(Saved entries)
□ □ □ □ □

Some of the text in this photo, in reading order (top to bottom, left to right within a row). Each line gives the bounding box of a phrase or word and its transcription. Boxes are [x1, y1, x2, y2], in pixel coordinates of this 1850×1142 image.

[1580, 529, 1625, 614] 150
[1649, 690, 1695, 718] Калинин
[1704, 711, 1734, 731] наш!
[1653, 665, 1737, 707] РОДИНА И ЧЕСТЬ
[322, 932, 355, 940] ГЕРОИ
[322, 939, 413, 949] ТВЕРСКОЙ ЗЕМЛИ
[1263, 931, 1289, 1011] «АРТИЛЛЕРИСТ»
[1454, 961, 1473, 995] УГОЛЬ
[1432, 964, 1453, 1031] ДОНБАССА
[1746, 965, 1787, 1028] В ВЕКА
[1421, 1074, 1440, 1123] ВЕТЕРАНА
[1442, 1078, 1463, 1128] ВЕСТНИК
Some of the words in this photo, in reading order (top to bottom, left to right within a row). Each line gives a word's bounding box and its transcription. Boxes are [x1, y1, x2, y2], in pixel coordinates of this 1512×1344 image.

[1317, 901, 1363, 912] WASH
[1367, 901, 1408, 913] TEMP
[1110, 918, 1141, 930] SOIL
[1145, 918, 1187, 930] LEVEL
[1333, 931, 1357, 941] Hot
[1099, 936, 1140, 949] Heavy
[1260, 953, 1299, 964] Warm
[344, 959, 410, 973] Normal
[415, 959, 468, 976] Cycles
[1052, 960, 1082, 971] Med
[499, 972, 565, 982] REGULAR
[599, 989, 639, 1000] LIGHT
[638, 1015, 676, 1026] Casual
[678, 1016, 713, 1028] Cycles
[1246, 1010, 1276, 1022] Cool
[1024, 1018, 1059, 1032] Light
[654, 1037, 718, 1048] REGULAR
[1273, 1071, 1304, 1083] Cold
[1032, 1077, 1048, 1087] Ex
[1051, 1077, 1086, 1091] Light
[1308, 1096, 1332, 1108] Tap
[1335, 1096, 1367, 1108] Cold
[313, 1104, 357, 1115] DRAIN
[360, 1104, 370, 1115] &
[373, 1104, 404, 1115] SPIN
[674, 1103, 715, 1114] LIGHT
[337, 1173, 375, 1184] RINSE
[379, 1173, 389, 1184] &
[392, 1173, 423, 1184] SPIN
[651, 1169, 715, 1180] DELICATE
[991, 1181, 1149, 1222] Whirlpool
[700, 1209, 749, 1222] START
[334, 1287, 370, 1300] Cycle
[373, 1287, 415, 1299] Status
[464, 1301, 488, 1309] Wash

□ □ □ □ □

Problem to work on
Each record should be repeated in full, exactly as it is written.

Expected output
Some of the text in this photo, in reading order (top to bottom, left to right within a row). Each line gives the bounding box of a phrase or word and its transcription. Boxes are [x1, y1, x2, y2], in pixel coordinates of this 1850×1142 image.

[1580, 529, 1625, 614] 150
[1649, 690, 1695, 718] Калинин
[1704, 711, 1734, 731] наш!
[1653, 665, 1737, 707] РОДИНА И ЧЕСТЬ
[322, 932, 355, 940] ГЕРОИ
[322, 939, 413, 949] ТВЕРСКОЙ ЗЕМЛИ
[1263, 931, 1289, 1011] «АРТИЛЛЕРИСТ»
[1454, 961, 1473, 995] УГОЛЬ
[1432, 964, 1453, 1031] ДОНБАССА
[1746, 965, 1787, 1028] В ВЕКА
[1421, 1074, 1440, 1123] ВЕТЕРАНА
[1442, 1078, 1463, 1128] ВЕСТНИК
Some of the words in this photo, in reading order (top to bottom, left to right within a row). Each line gives a word's bounding box and its transcription. Boxes are [x1, y1, x2, y2], in pixel coordinates of this 1512×1344 image.

[1317, 901, 1363, 912] WASH
[1367, 901, 1408, 913] TEMP
[1110, 918, 1141, 930] SOIL
[1145, 918, 1187, 930] LEVEL
[1333, 931, 1357, 941] Hot
[1099, 936, 1140, 949] Heavy
[1260, 953, 1299, 964] Warm
[344, 959, 410, 973] Normal
[415, 959, 468, 976] Cycles
[1052, 960, 1082, 971] Med
[499, 972, 565, 982] REGULAR
[599, 989, 639, 1000] LIGHT
[638, 1015, 676, 1026] Casual
[678, 1016, 713, 1028] Cycles
[1246, 1010, 1276, 1022] Cool
[1024, 1018, 1059, 1032] Light
[654, 1037, 718, 1048] REGULAR
[1273, 1071, 1304, 1083] Cold
[1032, 1077, 1048, 1087] Ex
[1051, 1077, 1086, 1091] Light
[1308, 1096, 1332, 1108] Tap
[1335, 1096, 1367, 1108] Cold
[313, 1104, 357, 1115] DRAIN
[360, 1104, 370, 1115] &
[373, 1104, 404, 1115] SPIN
[674, 1103, 715, 1114] LIGHT
[337, 1173, 375, 1184] RINSE
[379, 1173, 389, 1184] &
[392, 1173, 423, 1184] SPIN
[651, 1169, 715, 1180] DELICATE
[991, 1181, 1149, 1222] Whirlpool
[700, 1209, 749, 1222] START
[334, 1287, 370, 1300] Cycle
[373, 1287, 415, 1299] Status
[464, 1301, 488, 1309] Wash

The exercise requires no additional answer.